The Navigators It is unusual for a TV drama to deal specifically with engineering life so this week Foresight took a look at Ken Loach's view of the privatisation of the railway industry.

Ken Loach is well known for his realistic portrayals of working class life in films like Kes, Raining Stones, Riff Raff and Land & Freedom. His ability to make a point, combined with the raw humour of working people far removed from big business decision making processes, has won him much praise and several prizes at the Cannes Film Festival.

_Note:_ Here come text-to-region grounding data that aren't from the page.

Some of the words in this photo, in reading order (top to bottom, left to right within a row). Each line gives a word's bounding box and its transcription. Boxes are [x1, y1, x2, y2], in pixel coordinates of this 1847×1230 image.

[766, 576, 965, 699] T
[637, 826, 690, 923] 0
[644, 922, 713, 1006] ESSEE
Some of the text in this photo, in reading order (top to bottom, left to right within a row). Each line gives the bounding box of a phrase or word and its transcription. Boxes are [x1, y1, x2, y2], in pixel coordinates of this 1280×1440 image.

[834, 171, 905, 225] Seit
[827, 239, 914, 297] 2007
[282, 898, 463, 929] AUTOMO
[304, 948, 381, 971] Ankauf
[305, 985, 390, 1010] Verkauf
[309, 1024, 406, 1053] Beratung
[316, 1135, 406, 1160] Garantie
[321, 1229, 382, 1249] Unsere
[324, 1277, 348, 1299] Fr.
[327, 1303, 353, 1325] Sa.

The Navigators follows the fortunes of a group of railway workers as the privatisation of British Rail takes place, and at the drop of a safety helmet the Woodford depot becomes Northern Infrastructure, in the same way that freight companies these days are all known as something or other logistics. The break up of the network, and the legions of track maintenance companies which replace it, find some taking redundancy and casual agency work, while those who stay put endure diminishing pay and conditions.

Although there is no disguising where Loach's sympathies lie, as management rides roughshod over long held and sometimes barmy working practices, the film flatters neither side. However, market forces, unqualified labour and the fragmentation and isolation of an industry and its workers is the theme here.

The spectre of Maggie Thatcher and the sell off bonanzas of the 1980s which lined so many pockets - mostly for big shareholders - hovers above the script by Rob Dawber, who just lived long enough to see the final cut of the film. He died earlier this year from cancer, contracted while working with asbestos on the railway and whose voluntary redundancy from the industry was anything but voluntary.

A cast that includes local club comedians and performers provides plenty of coarse humour and language that makes Fred Dibnah look like Raffles, the sophisticated gentleman cad.

This is Loach's first film for television in 20 years. Some may remember him for Cathy Come Home, which he made for the BBC's Wednesday Play series in 1965. It shocked the nation in its depiction of a couple who become homeless, gave huge impetus to the charity Shelter and prompted so much debate that it was shown again the following week. The Navigators may not have the same impact on the public conscience but it still has plenty to say and paints a grim picture indeed. A bumpy ride but worth a look.